Older Canadians have longer waits and more difficulties seeing a doctor or nurse when they need medical attention than 10 comparator countries, according to a report released by the Canadian Institute for Health Information (CIHI) and the Canadian Institutes for Health Research (CIHR).
“In terms of wait times, Canada’s position among the 11 surveyed countries has not improved at all,” said CIHI president and CEO David O’Toole. “Older Canadian patients are telling us where our system is meeting — or not meeting — their needs. We definitely don’t meet their needs when it comes to timely access to doctors and nurses.”
The survey included patients aged 55 and older from 11 countries: Australia, Canada, France, Germany, the Netherlands, New Zealand, Norway, Sweden, Switzerland, the United Kingdom and the United States. More than 5,300 Canadians completed the survey.
Access to care
Waits for primary and specialist care in Canada have not improved since they were first reported on in 2007. Among surveyed countries, Canada continues to have the longest wait times for older people waiting to see a doctor or nurse when they need medical attention, with more than one-half waiting more than two days, and nearly one-third (30 per cent) waiting six or more days.

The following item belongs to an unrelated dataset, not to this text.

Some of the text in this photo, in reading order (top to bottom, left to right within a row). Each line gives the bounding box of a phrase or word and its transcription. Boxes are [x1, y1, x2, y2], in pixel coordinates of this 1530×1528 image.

Older Canadians also have the longest reported wait times to see a specialist, with 25 per cent waiting two months or more for a specialist visit, found How Canada Compares: Results From The Commonwealth Fund 2014 International Health Policy Survey of Older Adults.
Despite some variation across the country, wait times in every province were significantly higher than the international average.

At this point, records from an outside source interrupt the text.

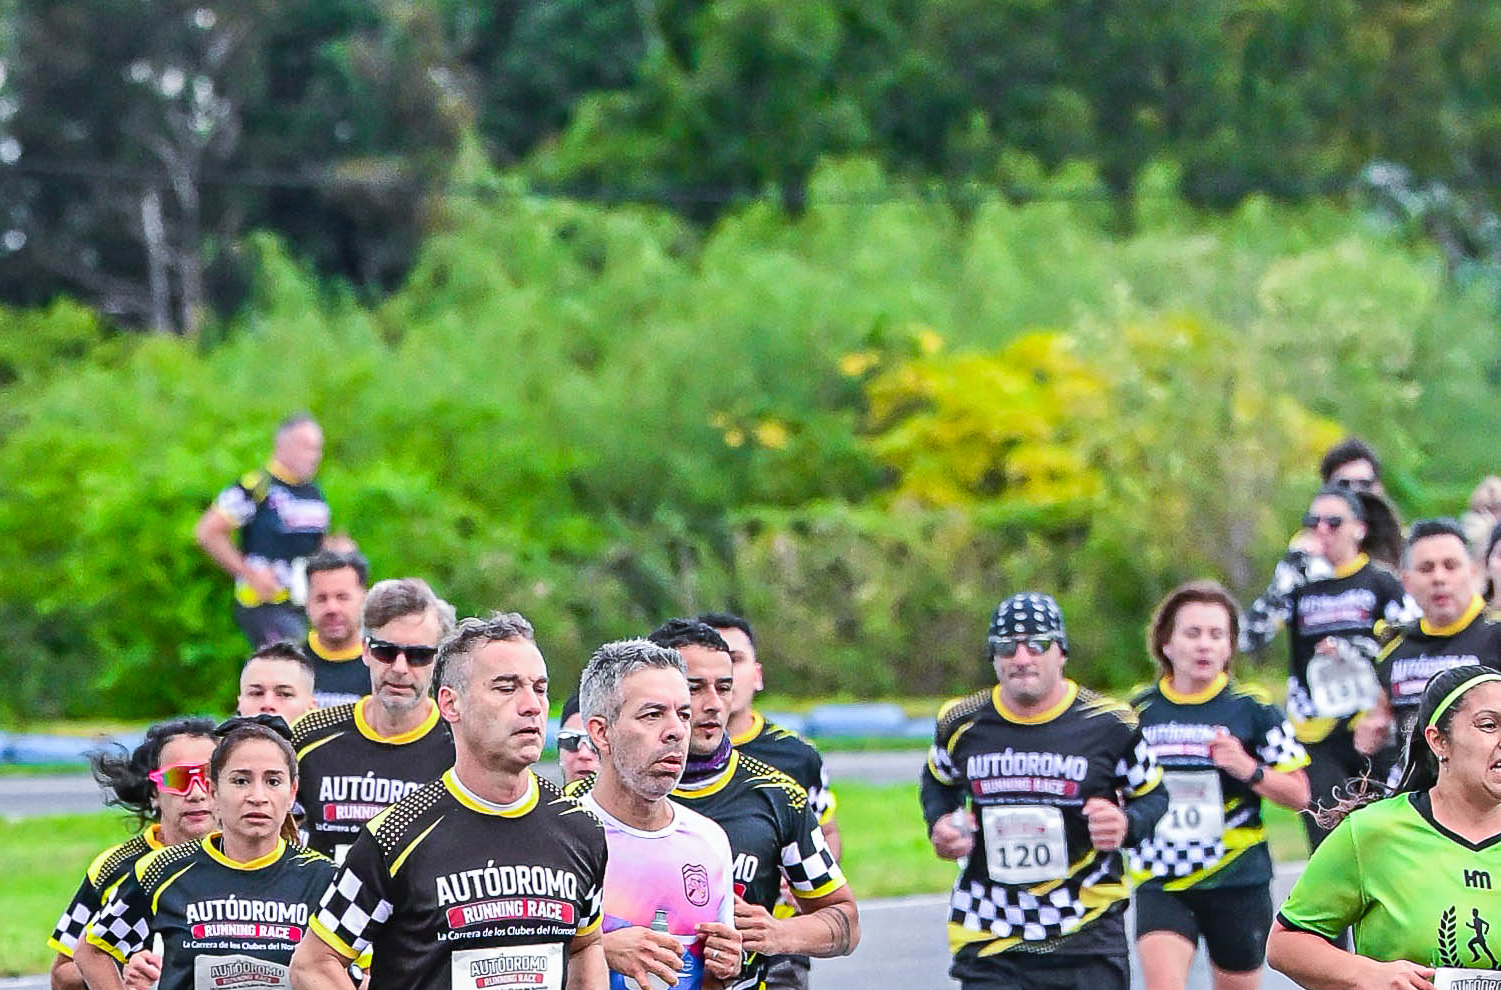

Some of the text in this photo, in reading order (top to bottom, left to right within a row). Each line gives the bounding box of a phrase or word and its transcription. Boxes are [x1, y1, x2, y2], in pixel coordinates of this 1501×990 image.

[967, 747, 1088, 781] AUTÓDROMO
[319, 770, 425, 803] AUTÓDRO
[998, 844, 1051, 869] 120
[435, 859, 578, 907] AUTÓDROMO
[186, 893, 308, 926] AUTÓDROMO
[462, 900, 563, 924] RUNNING RACE
[204, 924, 290, 940] RUNNING RACE
[437, 931, 447, 941] La
[448, 930, 481, 940] Carrera
[482, 927, 494, 937] de
[494, 926, 506, 936] los
[507, 925, 535, 935] Clubes
[537, 925, 550, 934] del
[182, 940, 190, 949] La
[191, 941, 218, 949] Carrera
[219, 941, 228, 949] de
[229, 941, 241, 949] los
[242, 942, 267, 950] Clubes
[268, 942, 280, 950] del
[210, 959, 285, 978] AUTÓDROMO
[470, 953, 548, 977] AUTÓDROMO

Older Canadians also reported more difficulties (51 per cent) in getting care after-hours or on weekends than older people in any other country. As a result, 37 per cent reported a visit to an emergency department for a condition that could have been treated by their regular doctor, found CIHI and CIHR.
Quality of care
When older Canadians do get in to see a doctor, they report receiving quality care that is on par with, or better than, the international average.
Older Canadians are more likely to have their medications reviewed by a health professional (80 per cent) than older people in other countries. They are also more likely to have discussions with their providers about treatment goals for chronic conditions and healthy life habits.
However, there’s room for improvement in terms of continuity of care between regular doctors and specialists, as 25 per cent of older Canadians said their regular doctor did not seem up to date about their specialist visit.
Caregiving and end-of-life care
Older Canadians spend longer hours as caregivers and spend more time planning for end-of-life care.
About one in five older Canadians is an informal caregiver — similar to the international average — but a higher proportion (47 per cent) spend 10 hours or more per week looking after a loved one.
About one-third of caregivers said they have experienced distress, depression or anger while providing care to a loved one. Distress was more common among those providing care for 10 or more hours a week.
Older Canadians were also more likely than older people in other countries to have discussions about end-of-life care or to make written plans. However, end-of-life planning varied significantly across the country, found the survey, with 44 per cent of Ontarian respondents saying they had written plans while just 18 per cent in Newfoundland and Labrador said the same.